DOCTOR ACADEMIC MEMBER

İBRAHİM EMRE YANIK

SCHOOL OF HUMANITIES AND SOCIAL SCIENCES / Department of Sociology

ibrahim.yanik@ihu.edu.tr

About

Short Biography

Dr. Ibrahim Emre Yanik is a sociologist working in the fields of migration, border studies and family sociology. He received his BA in Sociology from Boğaziçi University and completed his MA degrees in Sociology at Marmara University and Syracuse University. In 2025, he earned his PhD from the Department of Sociology at Syracuse University with a dissertation titled “Stranded in Transit: Migrants’ Borderland Experiences En Route to Europe.” His doctoral research examines migrants’ prolonged states of waiting in Istanbul on their way to Europe, analyzing their borderland experiences through the concepts of “protracted transit” and “social surplus,” and exploring how externalized border regimes produce immobilization as well as new forms of subjectivity and agency. His research interests include migration, border studies, family sociology, political sociology and health inequalities.

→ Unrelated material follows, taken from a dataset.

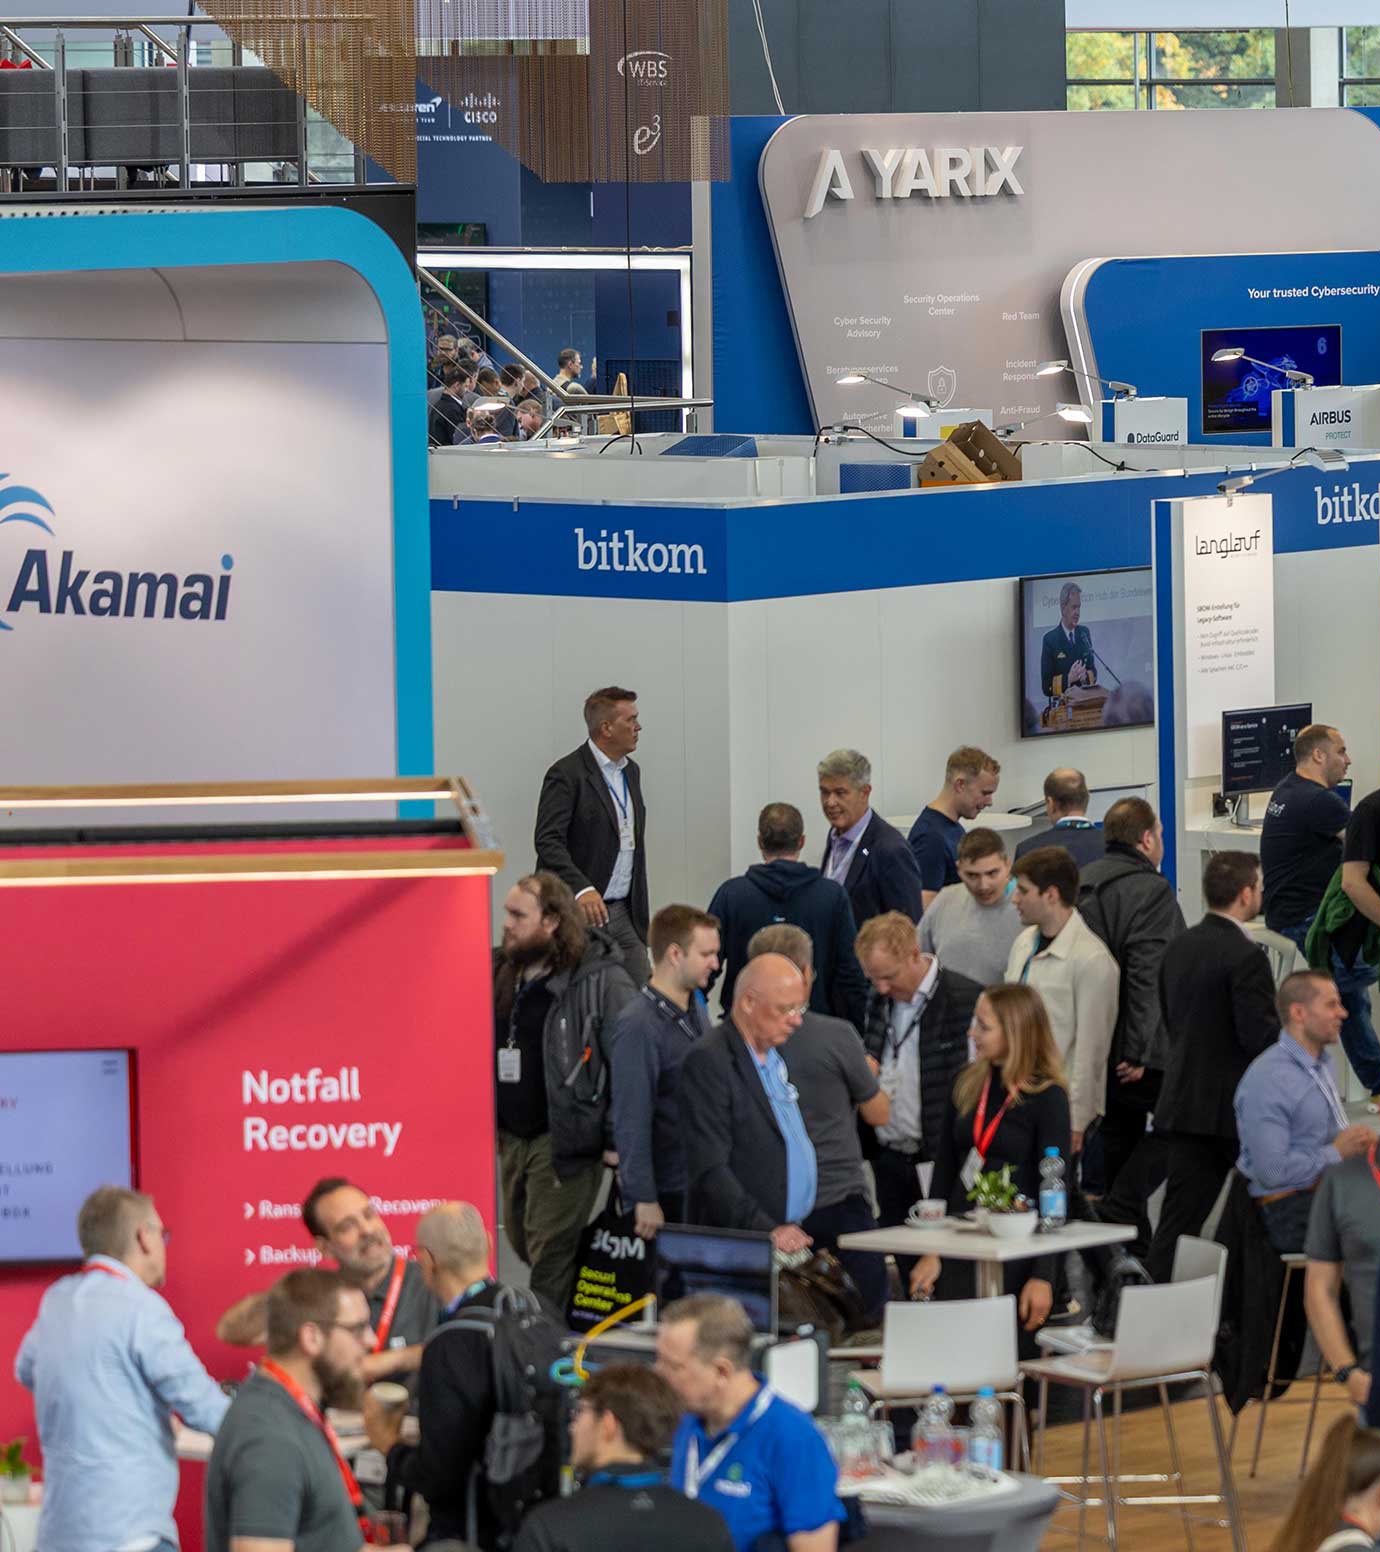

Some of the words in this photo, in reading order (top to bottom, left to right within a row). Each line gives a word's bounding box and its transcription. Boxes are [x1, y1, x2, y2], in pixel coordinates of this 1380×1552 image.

Yanik’s work spans a wide range of topics, from community experiences of Muslims re-entering society after incarceration to the ways vaccine hesitancy in digital public spheres intersects with polarization and socio-economic inequalities. His articles have appeared in journals such as Justice, Opportunities, and Rehabilitation and PLOS ONE, and he has contributed a book chapter on European border regimes and security walls in Turkey, discussing sovereignty, the nation-state and border externalization, in the Routledge Handbook of European Borderlands. His research has been supported by awards and grants including the Roscoe Martin Fund, the Goekjian/Center for European Studies Research Grant, and the Manfred Stanley Memorial Graduate Scholarship at Syracuse University.